* [Work item]:
Set down, please, the line that contains "this 1600×1067 image." and every line that follows it to the end of the records, exactly; do not include pictures.

* [Source information]:
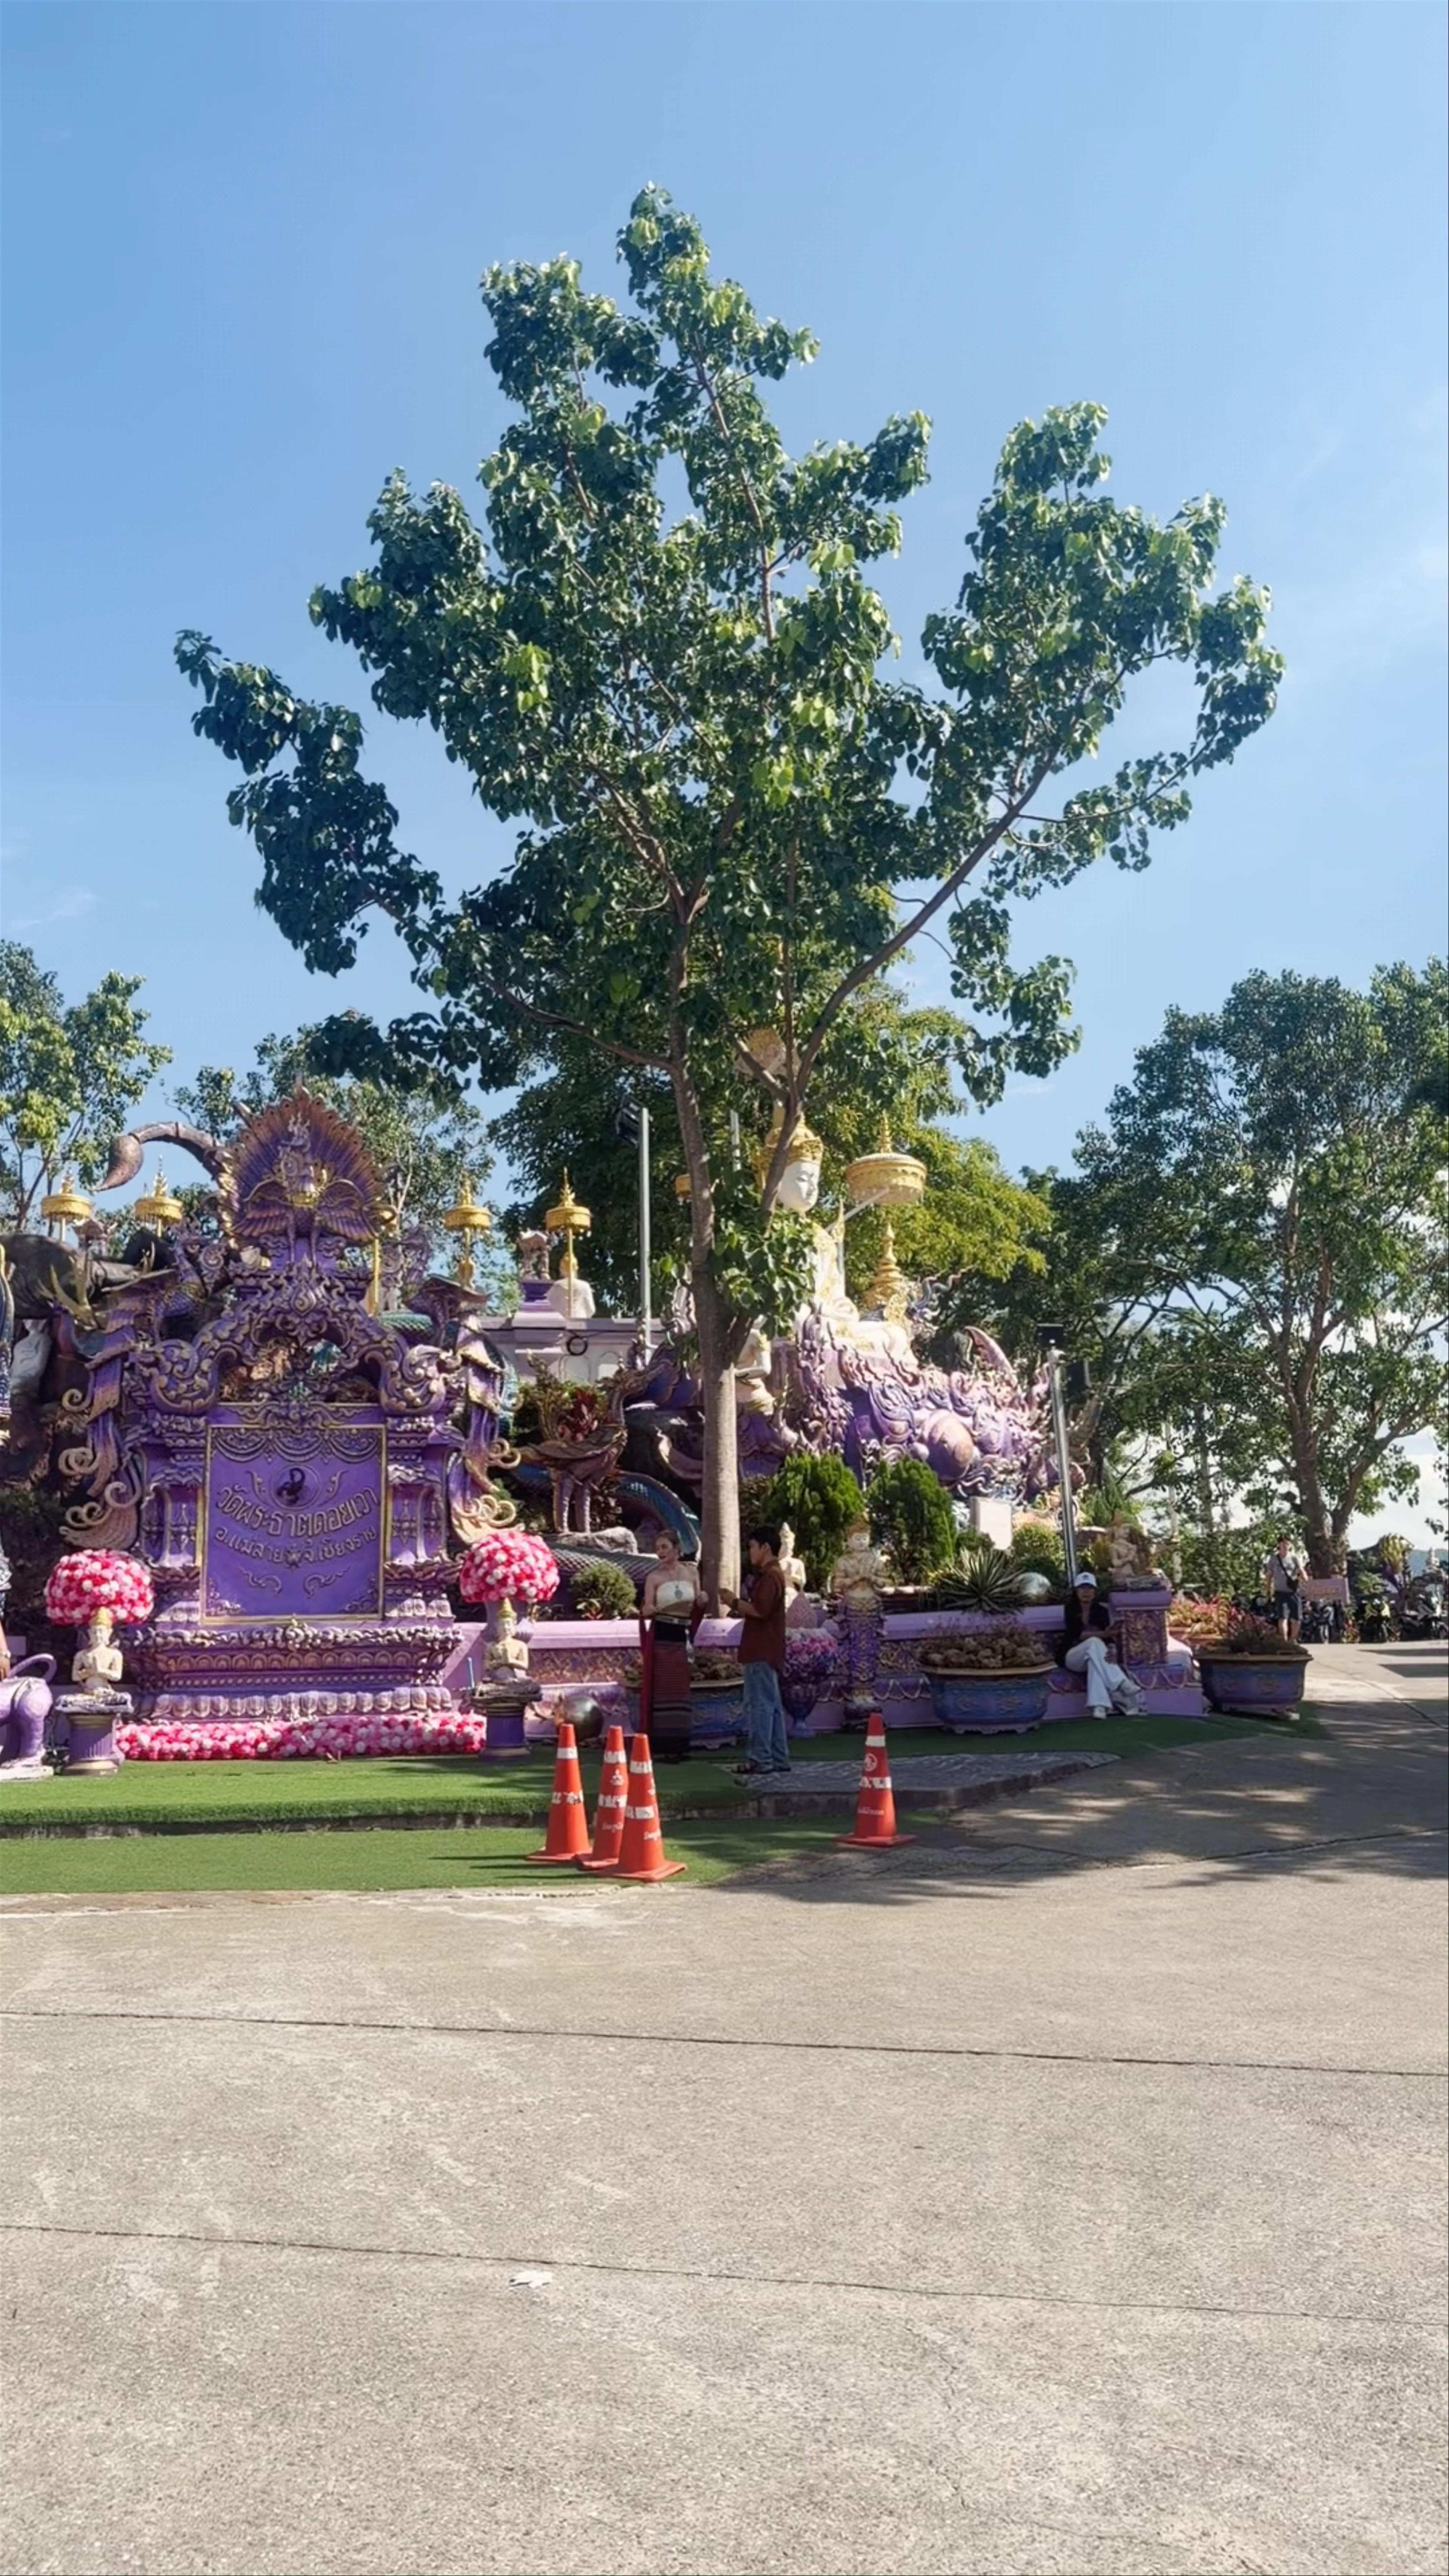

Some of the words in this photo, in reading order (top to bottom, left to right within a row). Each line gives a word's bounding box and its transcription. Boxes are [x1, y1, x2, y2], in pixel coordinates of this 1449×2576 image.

[216, 1484, 380, 1546] วัดพระธาตุดอยเวา
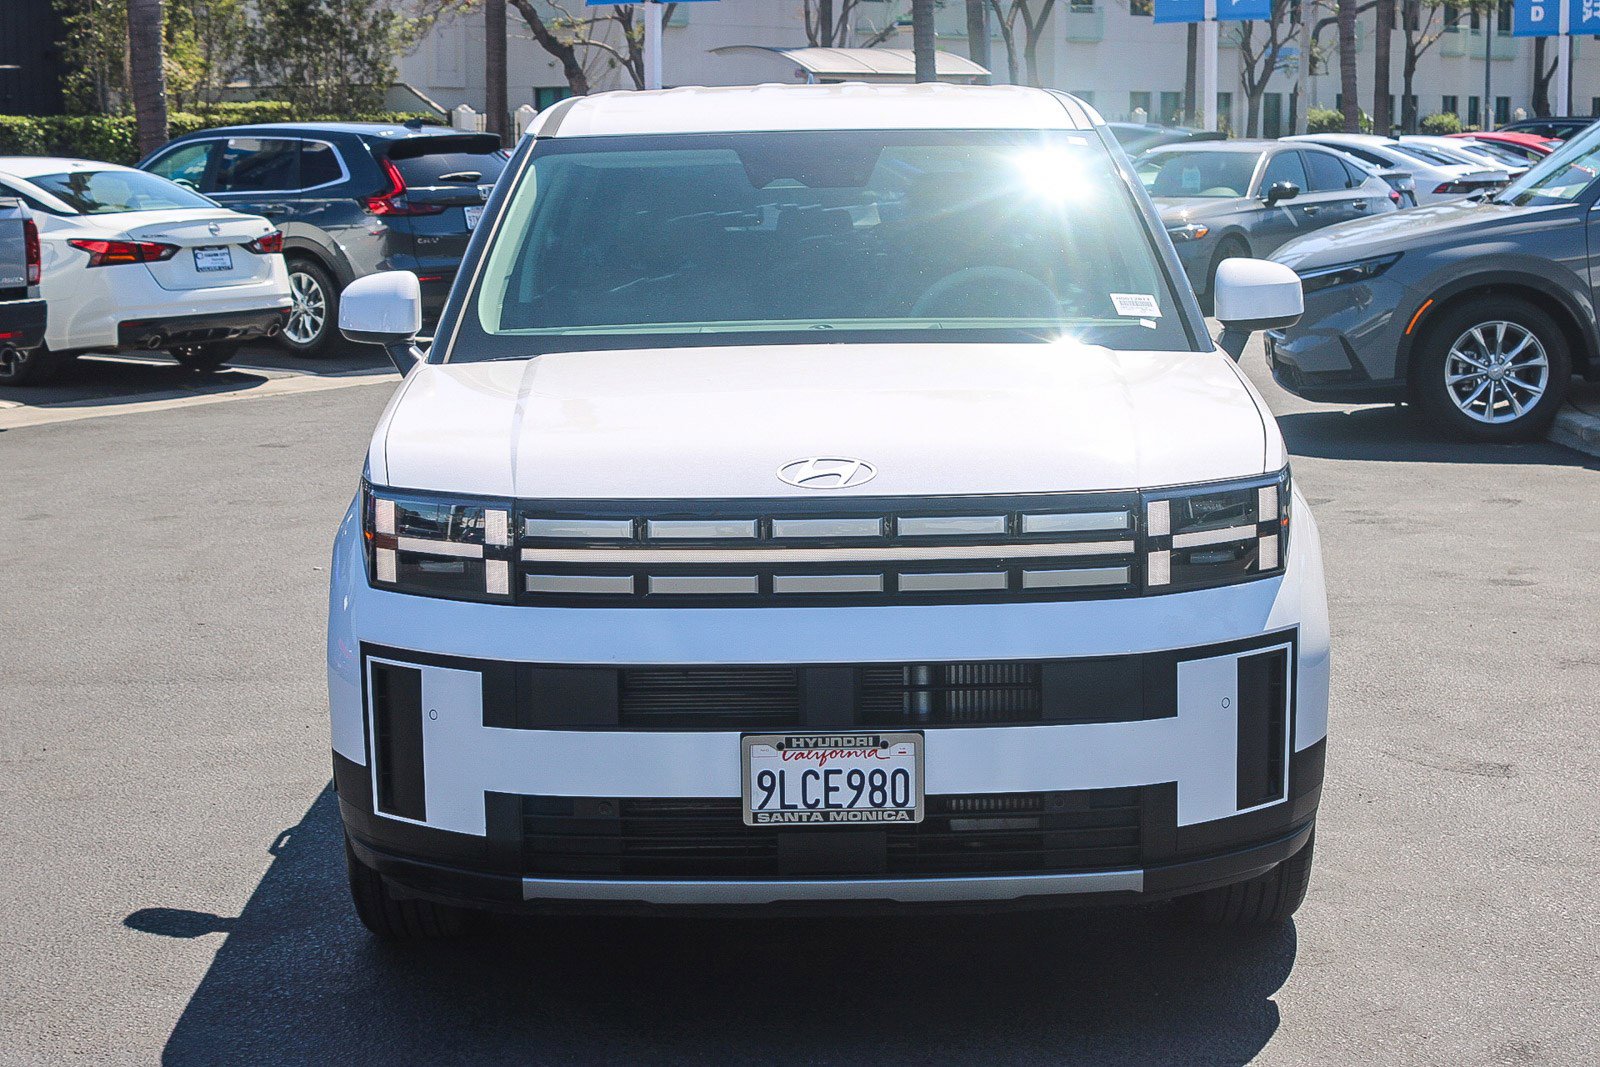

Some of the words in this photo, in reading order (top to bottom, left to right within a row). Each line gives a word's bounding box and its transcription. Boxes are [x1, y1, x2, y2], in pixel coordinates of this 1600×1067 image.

[792, 736, 873, 747] HYUNDAI
[782, 748, 890, 767] California
[757, 768, 910, 810] 9LCE980
[757, 811, 824, 823] SANTA
[829, 810, 910, 822] MONICA
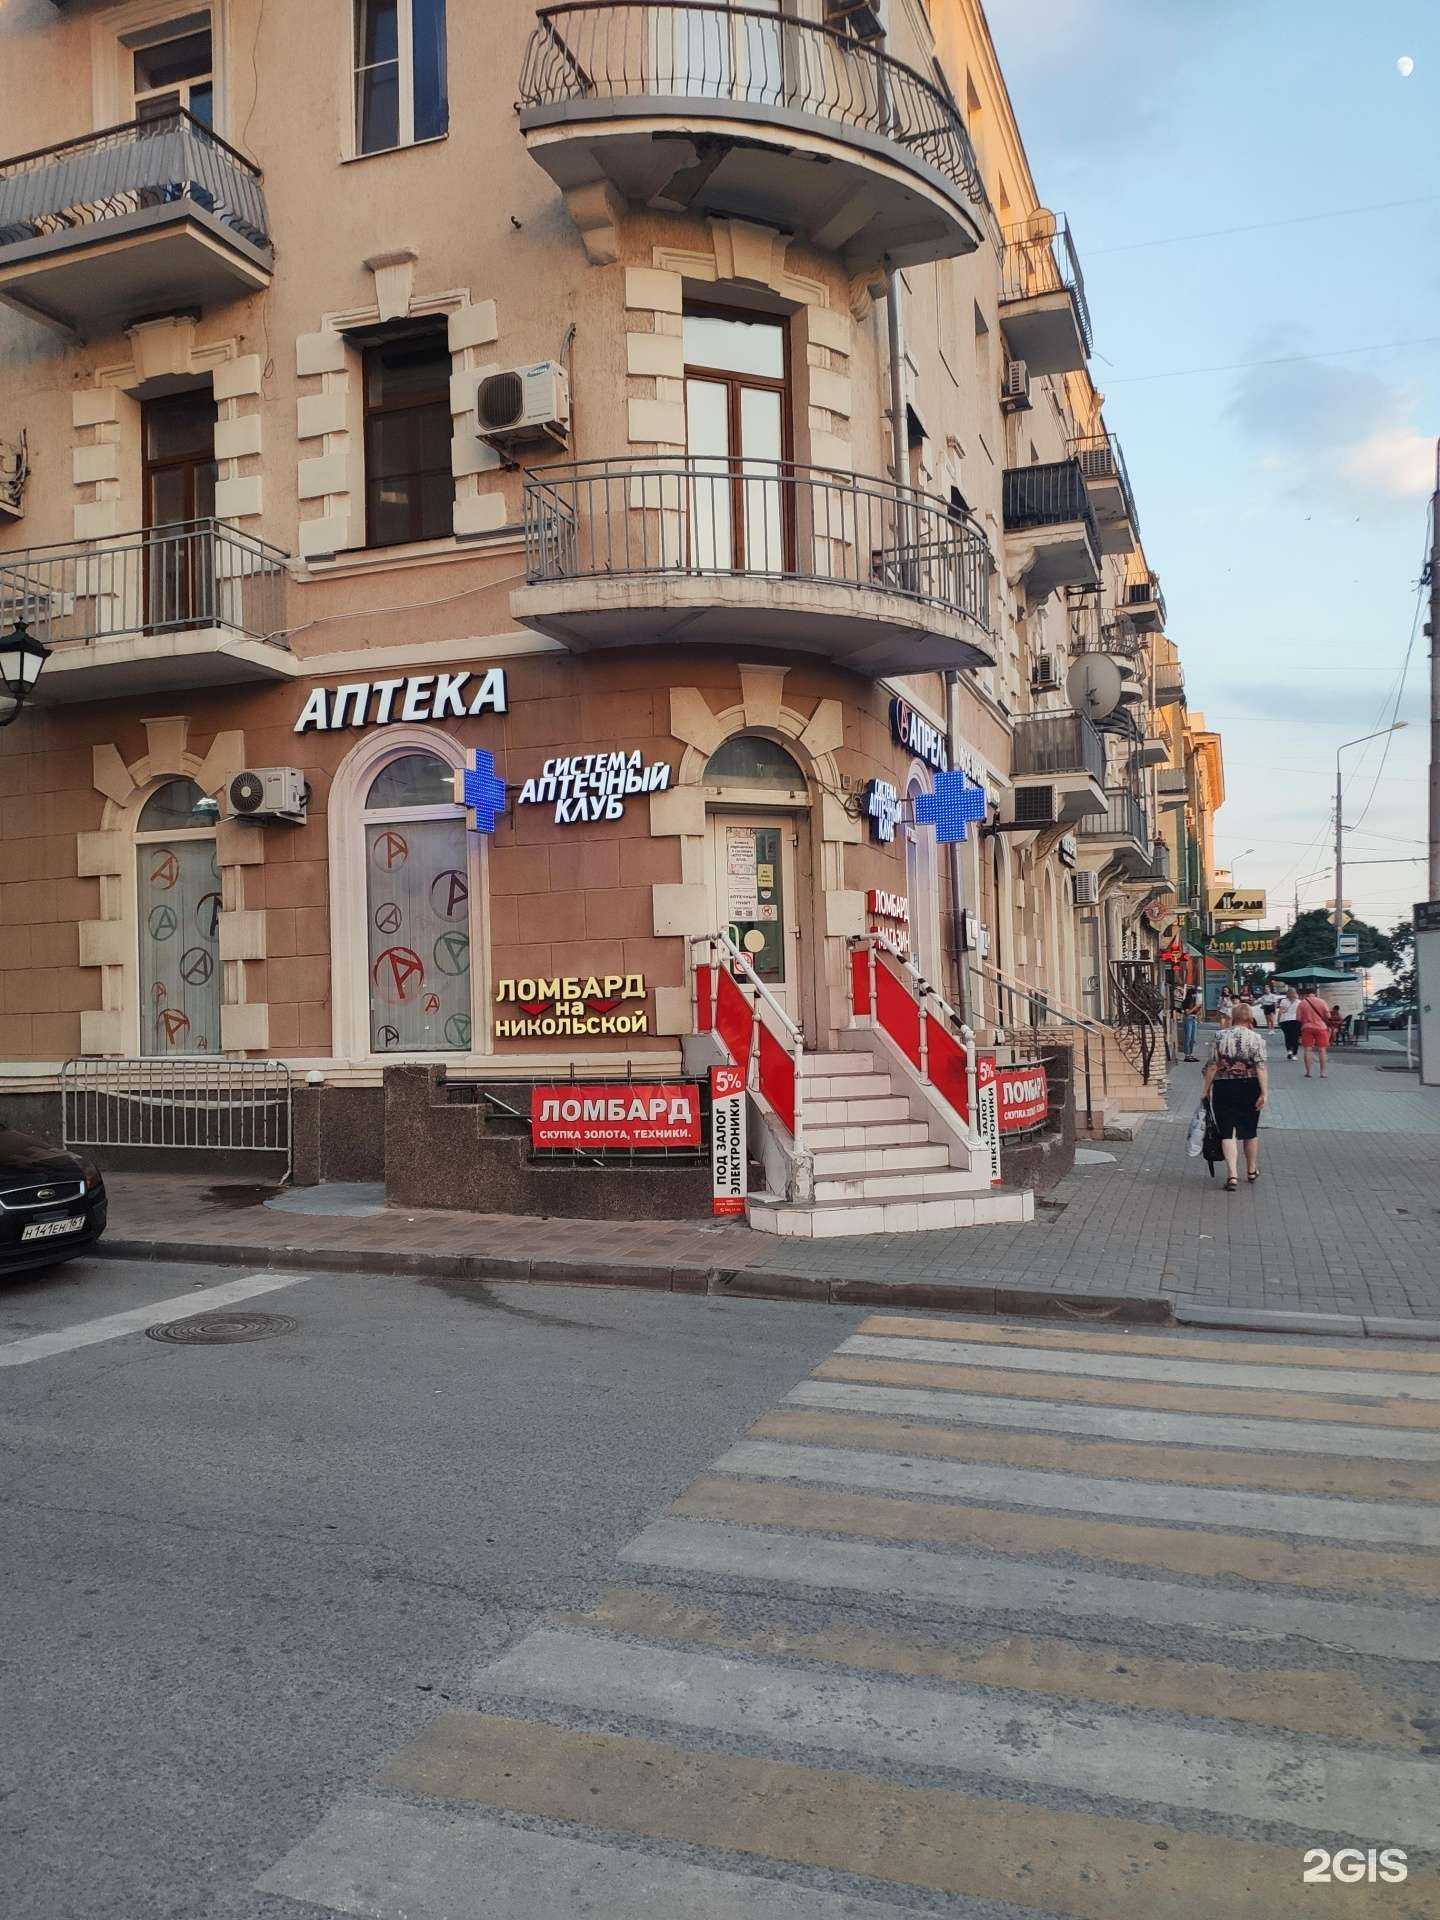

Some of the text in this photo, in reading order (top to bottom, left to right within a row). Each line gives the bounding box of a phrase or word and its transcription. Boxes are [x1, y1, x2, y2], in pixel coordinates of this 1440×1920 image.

[294, 668, 507, 732] АПТЕКА
[543, 749, 643, 777] СИСТЕМА
[518, 761, 672, 803] АПТЕЧНЫЙ
[554, 794, 625, 823] КЛУБ
[496, 974, 647, 1002] ЛОМБАРД
[555, 1000, 585, 1016] на
[495, 1010, 647, 1037] НИКОЛЬСКОЙ
[715, 1071, 742, 1092] 5%
[540, 1098, 692, 1125] ЛОМБАРД
[540, 1128, 692, 1141] СКУПКА ЗОЛОТА, ТЕХНИКИ.
[716, 1108, 728, 1185] ПОД ЗАЛОГ
[729, 1098, 741, 1195] ЭЛЕКТРОНИКИ
[988, 1087, 998, 1178] ЭЛЕКТРОНИКИ

* [Answer area]:
Some of the words in this photo, in reading order (top to bottom, left to right within a row). Each line gives a word's bounding box and its transcription. Boxes are [x1, y1, x2, y2], in pixel coordinates of this 1600×1067 image.

[792, 736, 873, 747] HYUNDAI
[782, 748, 890, 767] California
[757, 768, 910, 810] 9LCE980
[757, 811, 824, 823] SANTA
[829, 810, 910, 822] MONICA

Some of the text in this photo, in reading order (top to bottom, left to right within a row). Each line gives the bounding box of a phrase or word and its transcription. Boxes are [x1, y1, x2, y2], in pixel coordinates of this 1440×1920 image.

[294, 668, 507, 732] АПТЕКА
[543, 749, 643, 777] СИСТЕМА
[518, 761, 672, 803] АПТЕЧНЫЙ
[554, 794, 625, 823] КЛУБ
[496, 974, 647, 1002] ЛОМБАРД
[555, 1000, 585, 1016] на
[495, 1010, 647, 1037] НИКОЛЬСКОЙ
[715, 1071, 742, 1092] 5%
[540, 1098, 692, 1125] ЛОМБАРД
[540, 1128, 692, 1141] СКУПКА ЗОЛОТА, ТЕХНИКИ.
[716, 1108, 728, 1185] ПОД ЗАЛОГ
[729, 1098, 741, 1195] ЭЛЕКТРОНИКИ
[988, 1087, 998, 1178] ЭЛЕКТРОНИКИ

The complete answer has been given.